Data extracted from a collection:
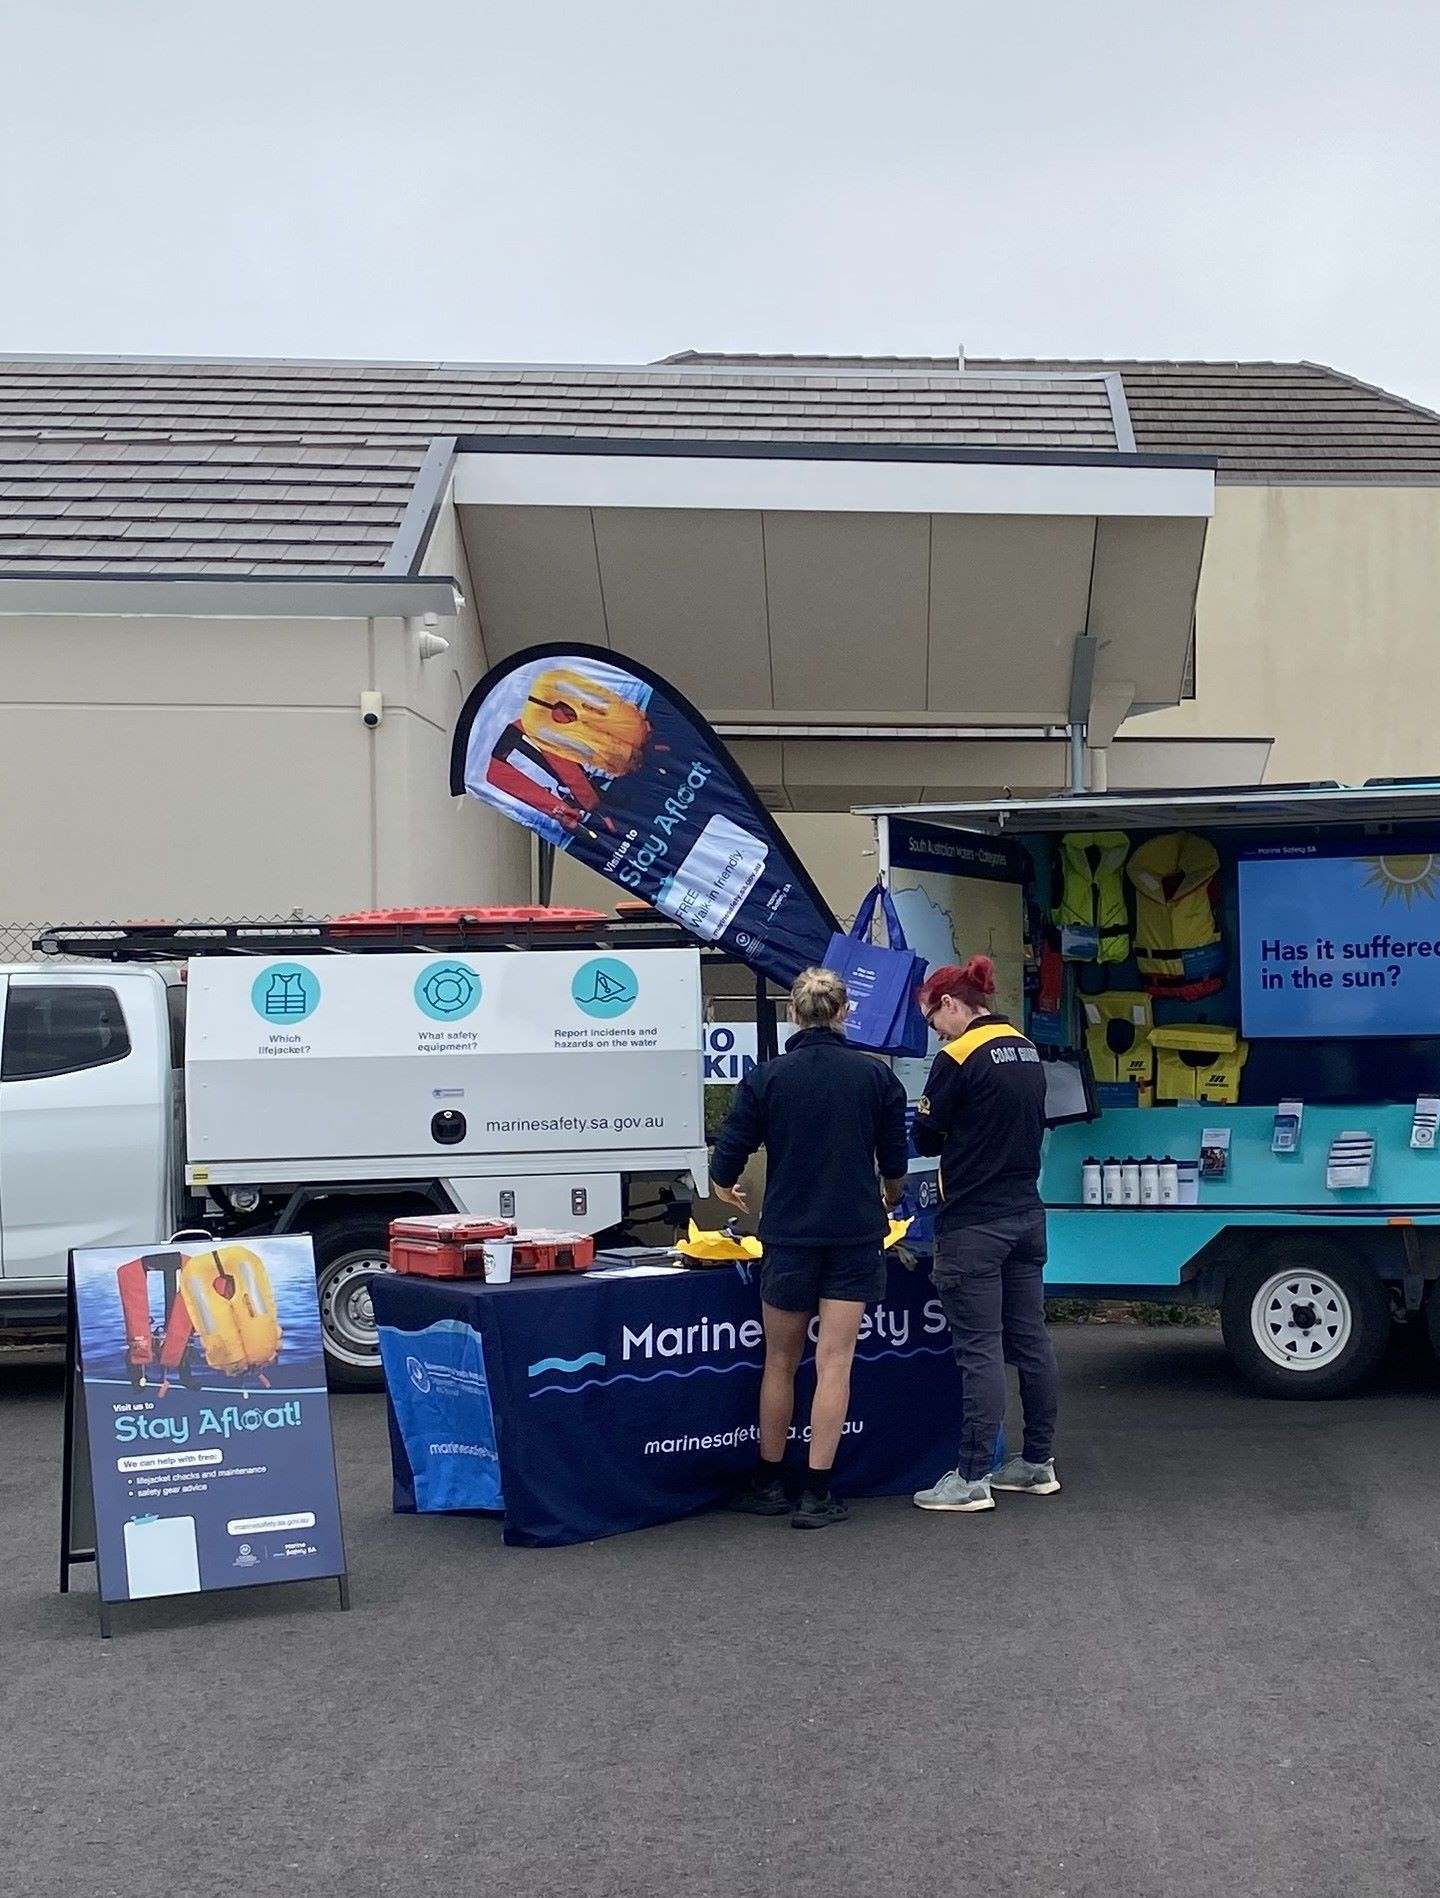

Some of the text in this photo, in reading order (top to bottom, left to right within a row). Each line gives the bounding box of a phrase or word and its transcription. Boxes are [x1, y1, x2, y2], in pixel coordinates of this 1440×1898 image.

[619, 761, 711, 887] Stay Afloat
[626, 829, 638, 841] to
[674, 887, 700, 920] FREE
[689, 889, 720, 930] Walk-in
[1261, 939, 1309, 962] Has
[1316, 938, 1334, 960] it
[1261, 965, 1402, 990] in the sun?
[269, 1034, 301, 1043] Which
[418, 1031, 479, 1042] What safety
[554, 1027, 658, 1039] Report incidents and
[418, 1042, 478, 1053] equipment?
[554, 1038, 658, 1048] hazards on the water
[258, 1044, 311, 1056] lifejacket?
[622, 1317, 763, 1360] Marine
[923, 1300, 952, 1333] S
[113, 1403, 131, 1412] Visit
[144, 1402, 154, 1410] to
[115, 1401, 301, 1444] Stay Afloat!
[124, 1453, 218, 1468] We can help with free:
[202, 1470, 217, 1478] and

EXERCISE:
Repeat every entry exactly. Do not include the pictures.

FINISHED EXERCISE:
Some of the text in this photo, in reading order (top to bottom, left to right within a row). Each line gives the bounding box of a phrase or word and its transcription. Boxes are [x1, y1, x2, y2], in pixel coordinates of this 1440×1898 image.

[619, 761, 711, 887] Stay Afloat
[626, 829, 638, 841] to
[674, 887, 700, 920] FREE
[689, 889, 720, 930] Walk-in
[1261, 939, 1309, 962] Has
[1316, 938, 1334, 960] it
[1261, 965, 1402, 990] in the sun?
[269, 1034, 301, 1043] Which
[418, 1031, 479, 1042] What safety
[554, 1027, 658, 1039] Report incidents and
[418, 1042, 478, 1053] equipment?
[554, 1038, 658, 1048] hazards on the water
[258, 1044, 311, 1056] lifejacket?
[622, 1317, 763, 1360] Marine
[923, 1300, 952, 1333] S
[113, 1403, 131, 1412] Visit
[144, 1402, 154, 1410] to
[115, 1401, 301, 1444] Stay Afloat!
[124, 1453, 218, 1468] We can help with free:
[202, 1470, 217, 1478] and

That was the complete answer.